##### Extracted information #####
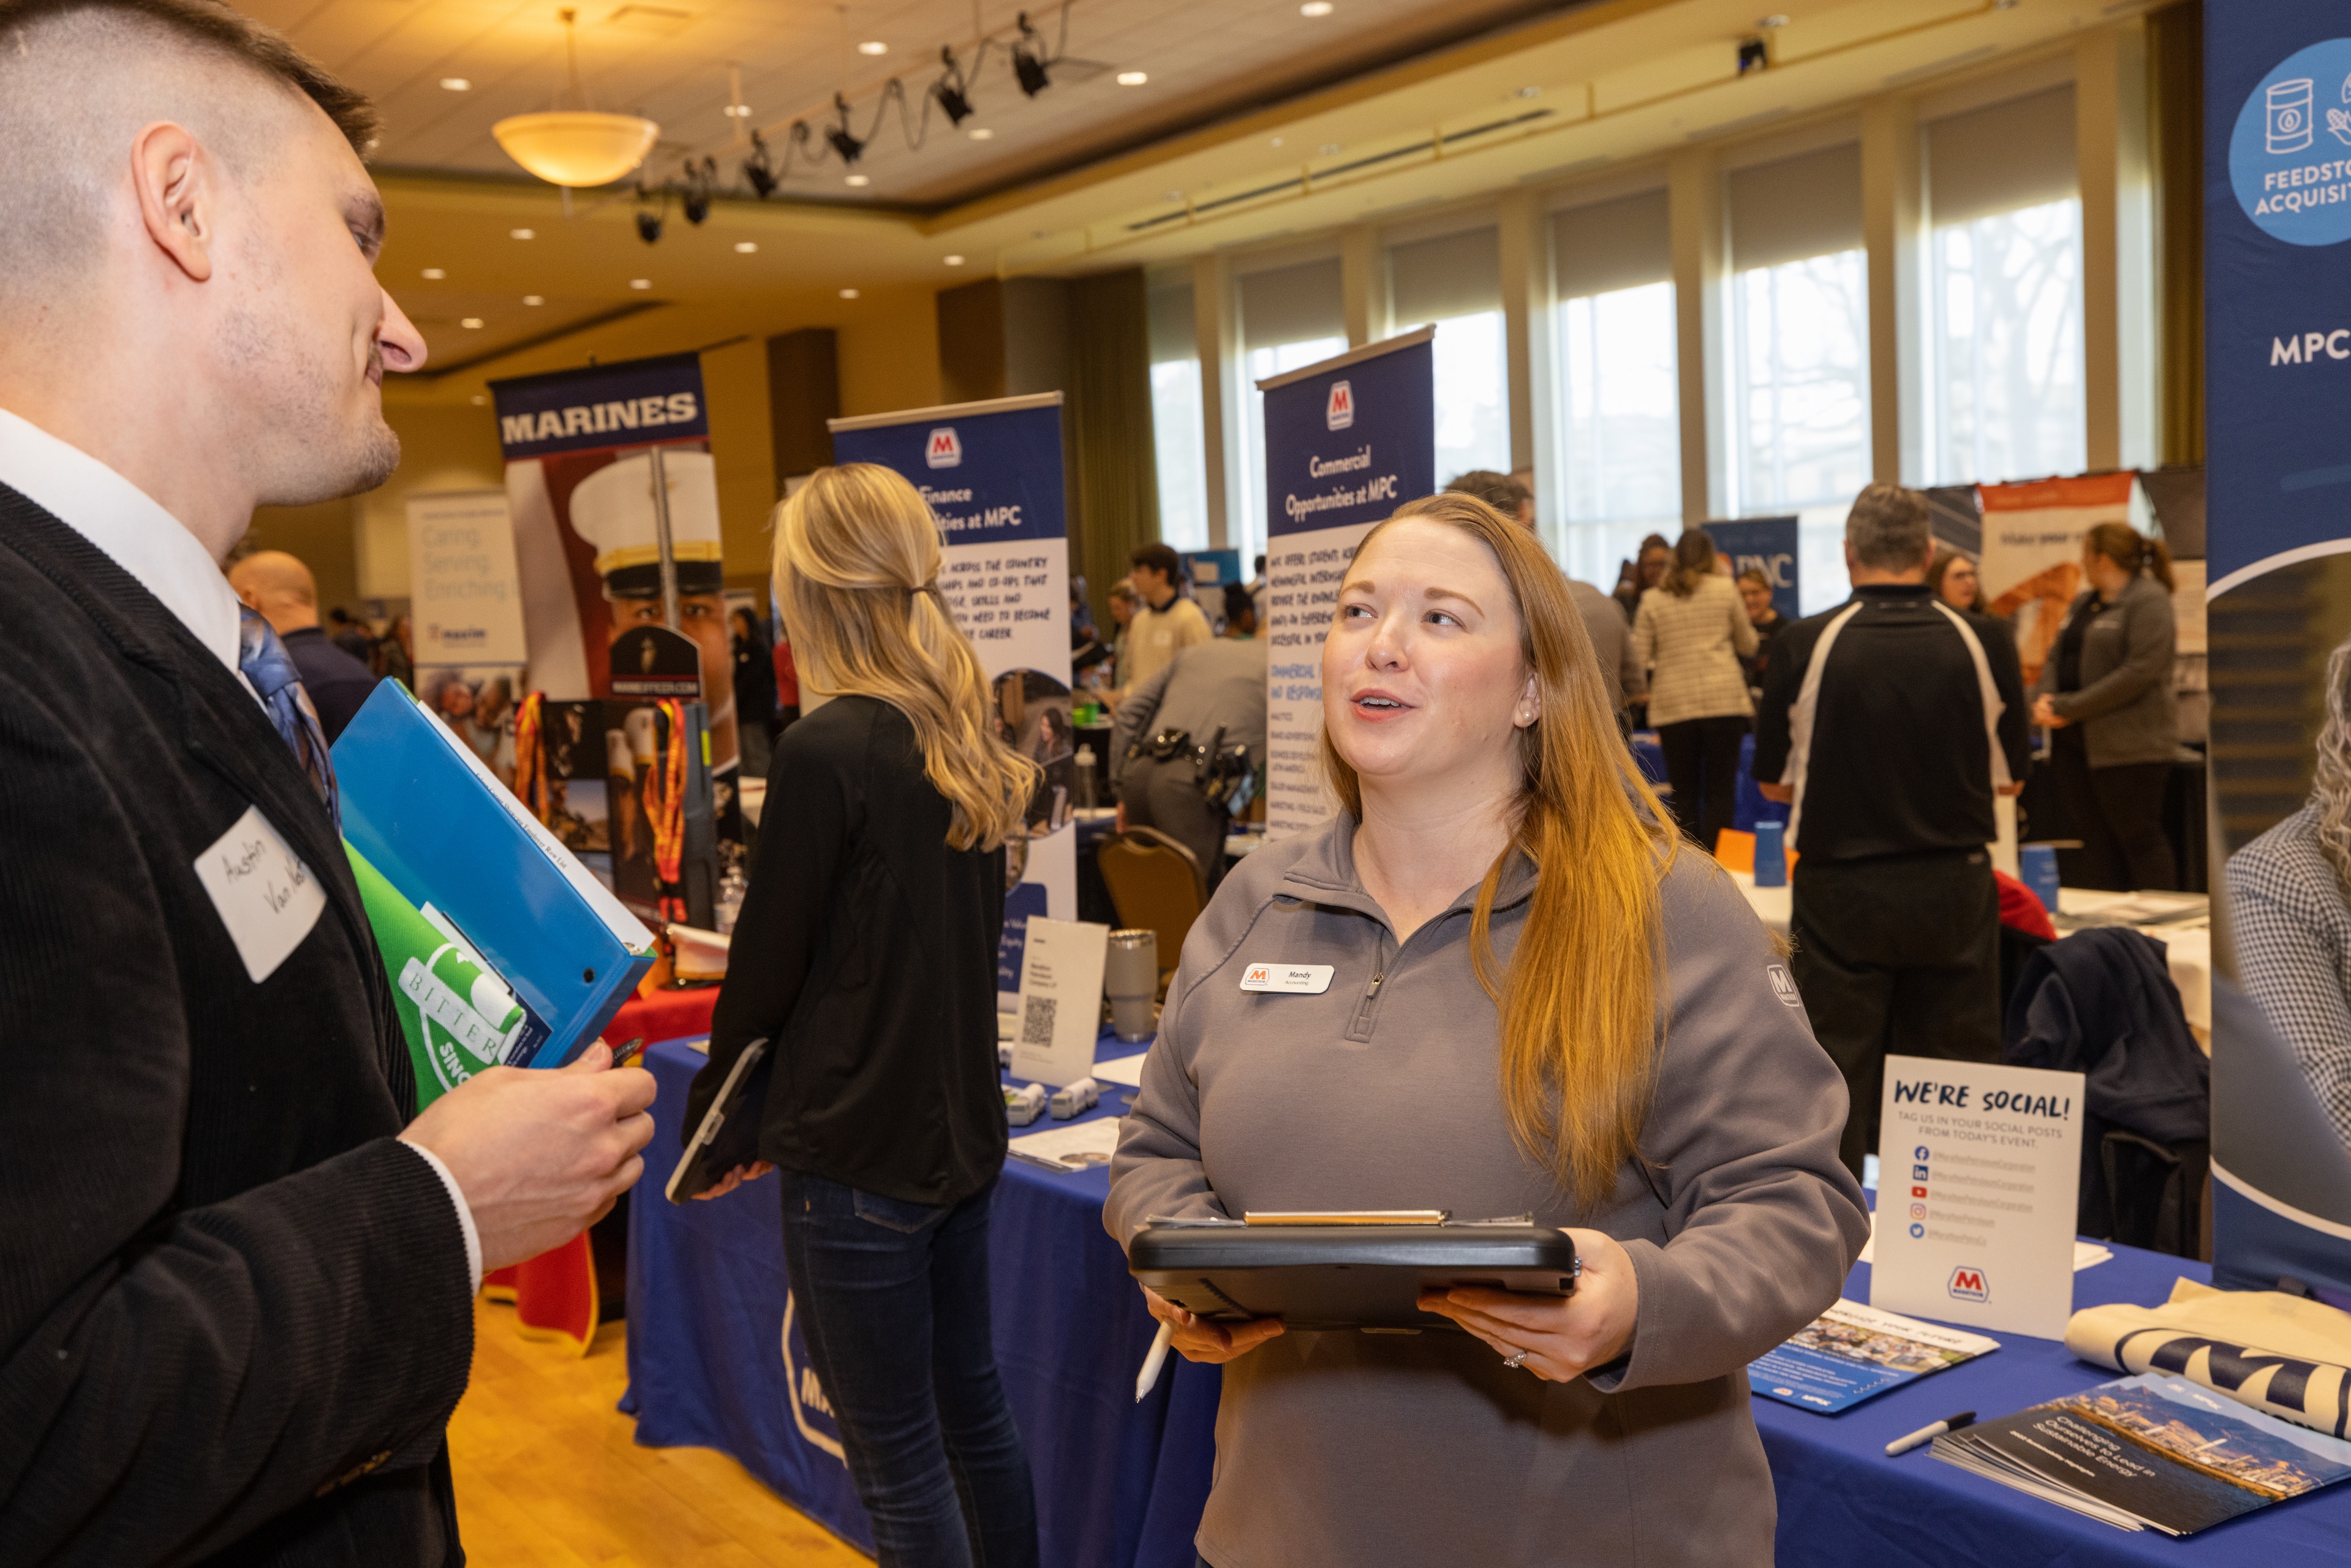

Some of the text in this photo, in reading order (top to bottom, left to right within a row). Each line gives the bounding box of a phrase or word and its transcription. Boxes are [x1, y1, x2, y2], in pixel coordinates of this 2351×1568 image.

[2270, 329, 2351, 367] MPC
[502, 391, 699, 445] MARINES
[1310, 443, 1372, 478] Commercial
[919, 485, 973, 505] Finance
[1286, 475, 1398, 522] Opportunities at MPC
[967, 512, 983, 529] at
[984, 505, 1022, 529] MPC
[985, 558, 1001, 572] THE
[1005, 556, 1048, 571] COUNTRY
[1014, 608, 1051, 623] BECOME
[543, 845, 558, 860] Row
[555, 856, 568, 870] List
[1250, 970, 1266, 979] M
[1288, 971, 1311, 980] Mandy
[1770, 970, 1792, 993] M
[409, 973, 496, 1057] BITTER
[1894, 1080, 2070, 1121] WE'RE SOCIAL!
[1898, 1110, 2062, 1139] TAG US IN YOUR SOCIAL POSTS
[1919, 1126, 1950, 1138] FROM
[1953, 1130, 1998, 1144] TODAY'S
[1955, 1271, 1982, 1291] M
[2056, 1415, 2122, 1452] Challenging
[2032, 1422, 2138, 1477] Sustainable Energy
[2044, 1419, 2156, 1477] Ourselves to Lead in
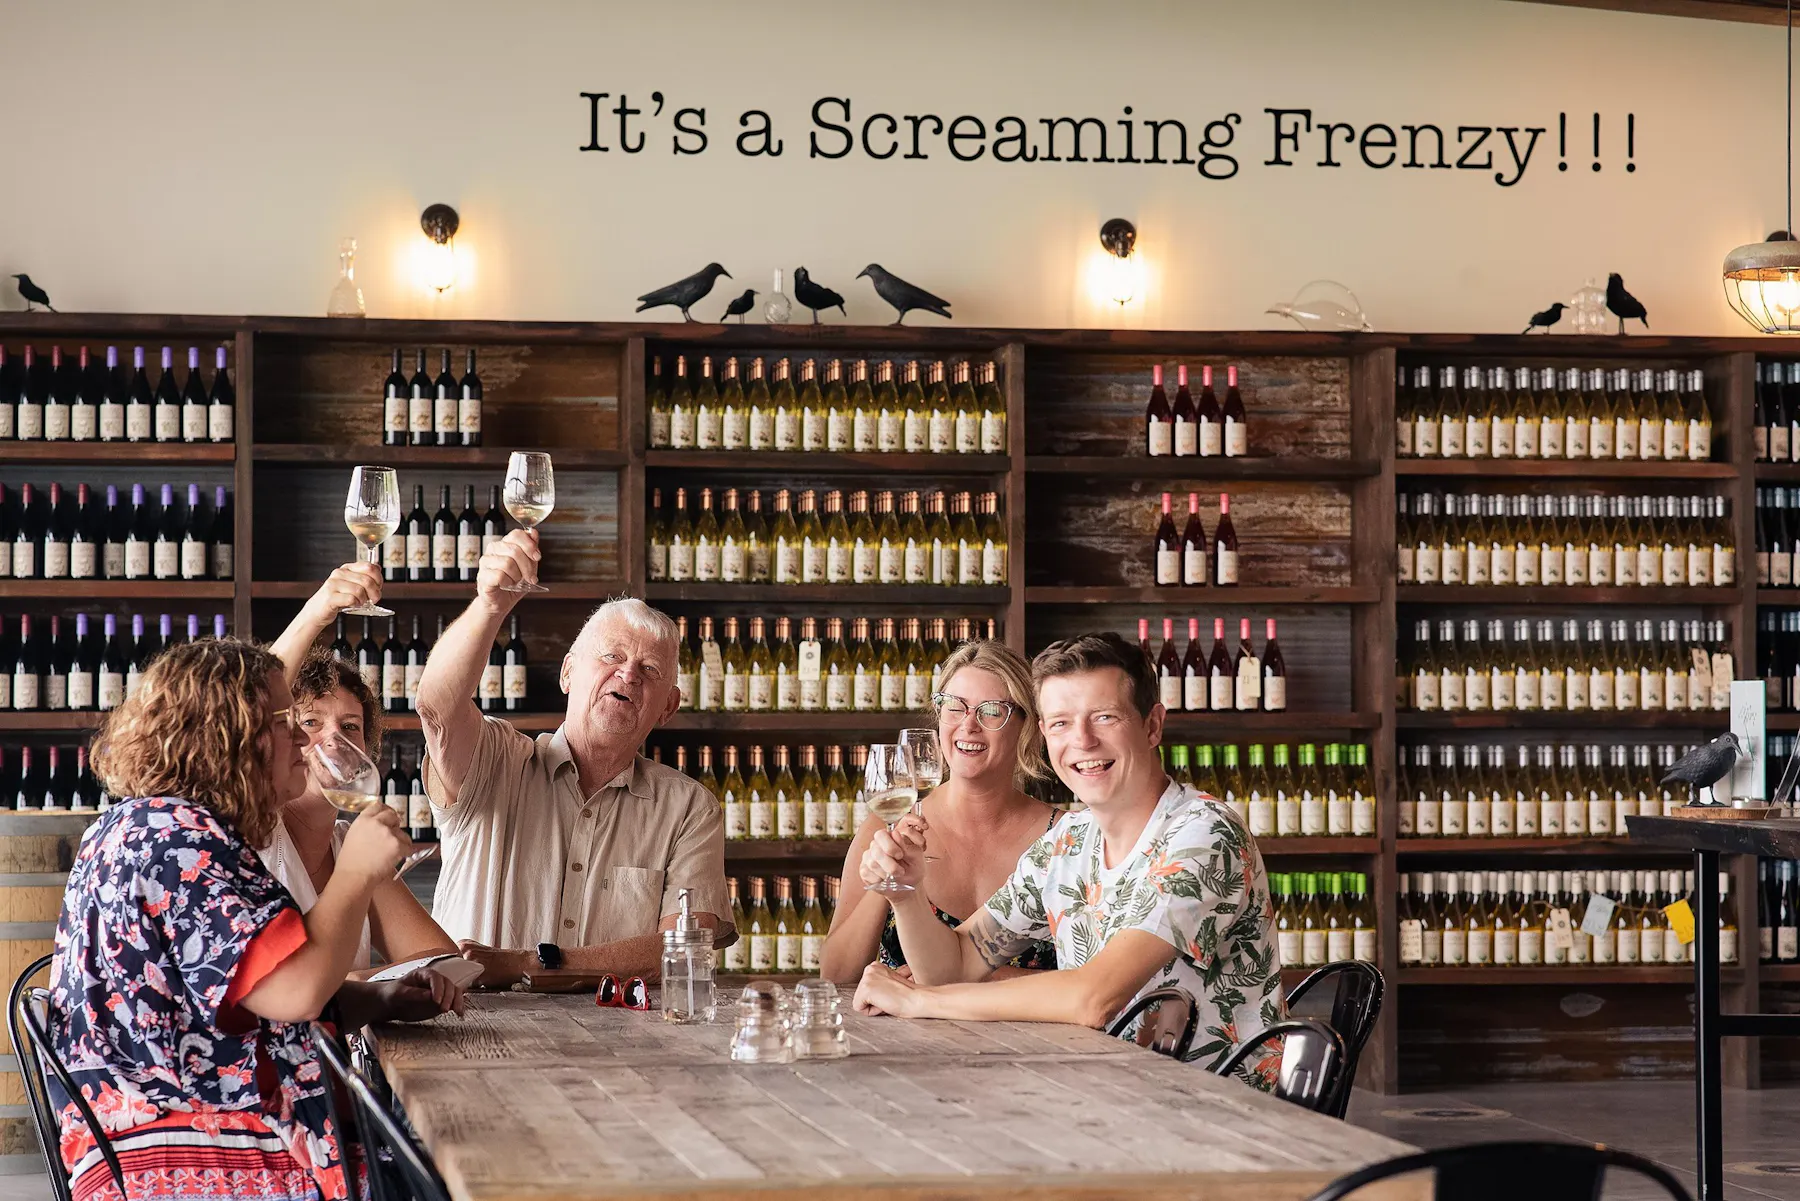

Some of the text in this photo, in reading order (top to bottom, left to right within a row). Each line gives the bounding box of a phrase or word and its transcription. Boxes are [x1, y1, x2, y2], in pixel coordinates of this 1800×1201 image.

[578, 91, 1638, 187] It's a Screaming Frenzy!!!
#####
● **Work order**:
Set down each entry above exactly as it appears. Omit the pictures.

● **Reply to the task**:
Some of the text in this photo, in reading order (top to bottom, left to right within a row). Each line gives the bounding box of a phrase or word and its transcription. Boxes are [x1, y1, x2, y2], in pixel coordinates of this 2351×1568 image.

[2270, 329, 2351, 367] MPC
[502, 391, 699, 445] MARINES
[1310, 443, 1372, 478] Commercial
[919, 485, 973, 505] Finance
[1286, 475, 1398, 522] Opportunities at MPC
[967, 512, 983, 529] at
[984, 505, 1022, 529] MPC
[985, 558, 1001, 572] THE
[1005, 556, 1048, 571] COUNTRY
[1014, 608, 1051, 623] BECOME
[543, 845, 558, 860] Row
[555, 856, 568, 870] List
[1250, 970, 1266, 979] M
[1288, 971, 1311, 980] Mandy
[1770, 970, 1792, 993] M
[409, 973, 496, 1057] BITTER
[1894, 1080, 2070, 1121] WE'RE SOCIAL!
[1898, 1110, 2062, 1139] TAG US IN YOUR SOCIAL POSTS
[1919, 1126, 1950, 1138] FROM
[1953, 1130, 1998, 1144] TODAY'S
[1955, 1271, 1982, 1291] M
[2056, 1415, 2122, 1452] Challenging
[2032, 1422, 2138, 1477] Sustainable Energy
[2044, 1419, 2156, 1477] Ourselves to Lead in

Some of the text in this photo, in reading order (top to bottom, left to right within a row). Each line gives the bounding box of a phrase or word and its transcription. Boxes are [x1, y1, x2, y2], in pixel coordinates of this 1800×1201 image.

[578, 91, 1638, 187] It's a Screaming Frenzy!!!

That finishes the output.